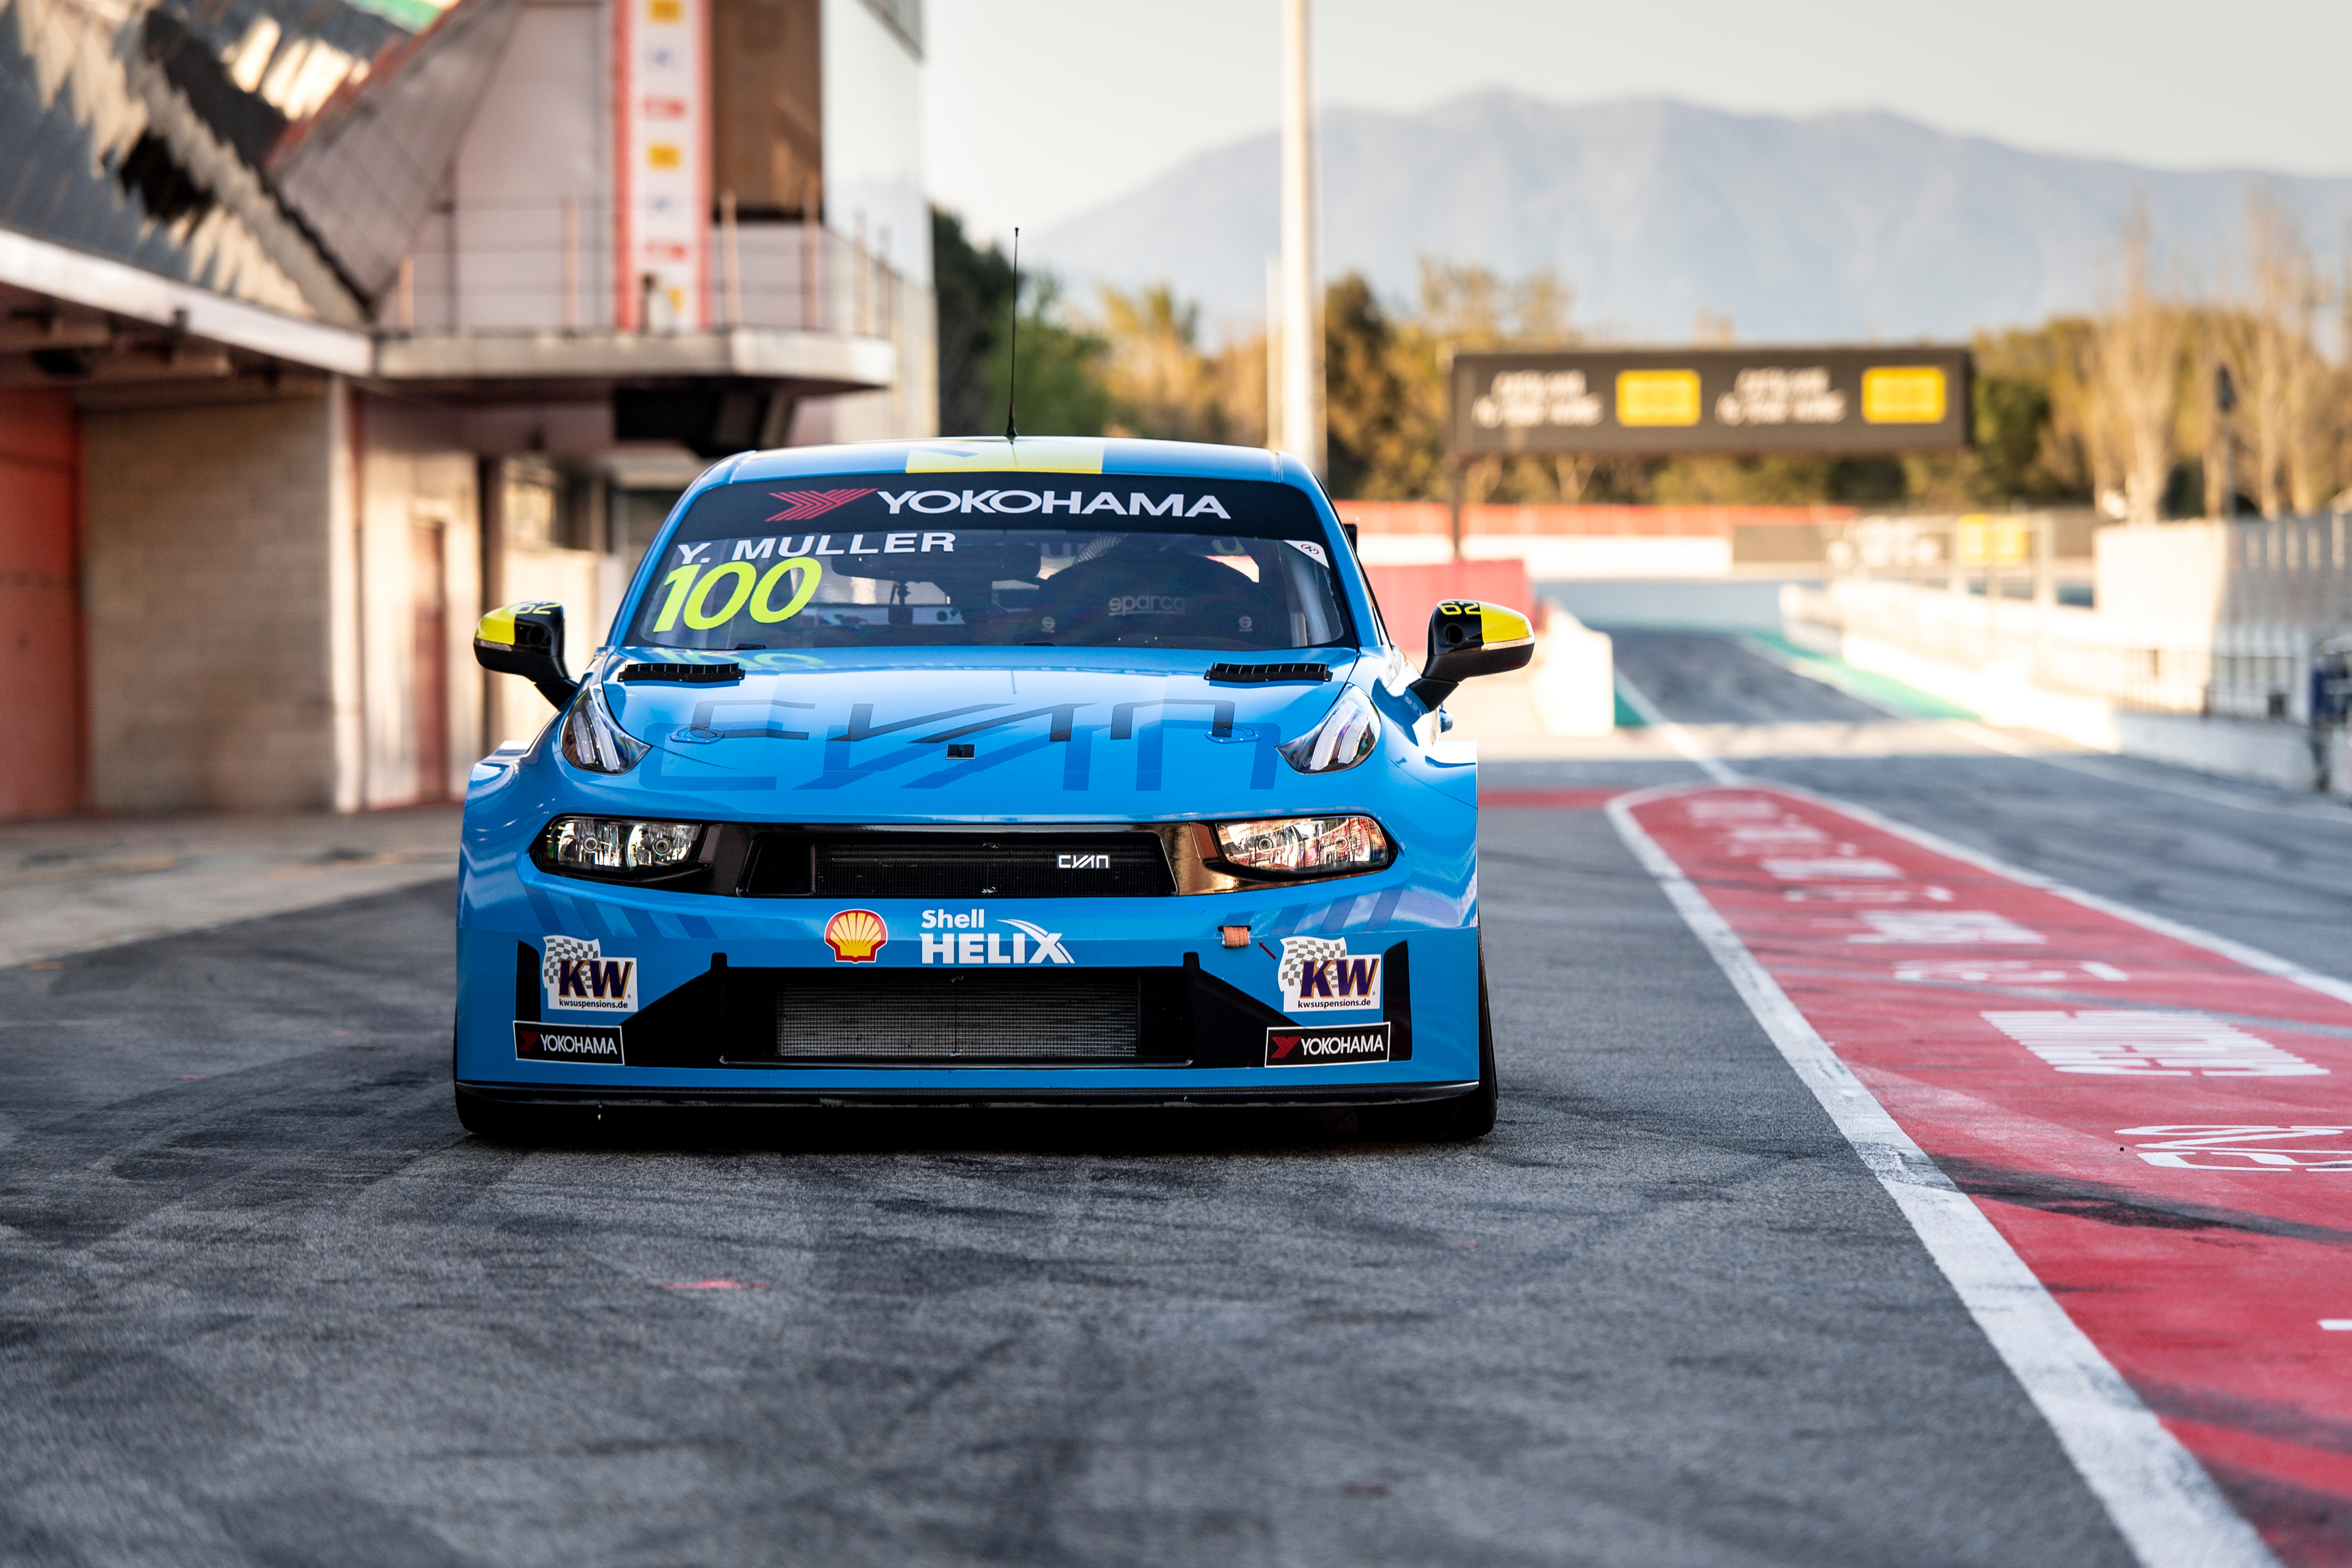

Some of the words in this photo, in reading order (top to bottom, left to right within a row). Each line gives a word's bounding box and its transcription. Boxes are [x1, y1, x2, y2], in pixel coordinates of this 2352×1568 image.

[877, 489, 1231, 519] YOKOHAMA
[677, 543, 711, 565] Y.
[731, 532, 956, 561] MULLER
[653, 557, 822, 633] 100
[921, 909, 985, 928] Shell
[920, 932, 1075, 964] HELIX
[559, 958, 633, 999] KW
[1299, 958, 1379, 998] KW
[559, 998, 628, 1009] kwsuspensions.de
[1298, 998, 1371, 1009] kwsuspensions.de
[540, 1034, 617, 1054] YOKOHAMA
[1301, 1034, 1384, 1055] YOKOHAMA
****
§ **Your assignment**: The answer should hold every line of the listing, copied exactly, with no pictures.

§ **Exercise output**:
Some of the words in this photo, in reading order (top to bottom, left to right within a row). Each line gives a word's bounding box and its transcription. Boxes are [x1, y1, x2, y2], in pixel coordinates of this 2352×1568 image.

[877, 489, 1231, 519] YOKOHAMA
[677, 543, 711, 565] Y.
[731, 532, 956, 561] MULLER
[653, 557, 822, 633] 100
[921, 909, 985, 928] Shell
[920, 932, 1075, 964] HELIX
[559, 958, 633, 999] KW
[1299, 958, 1379, 998] KW
[559, 998, 628, 1009] kwsuspensions.de
[1298, 998, 1371, 1009] kwsuspensions.de
[540, 1034, 617, 1054] YOKOHAMA
[1301, 1034, 1384, 1055] YOKOHAMA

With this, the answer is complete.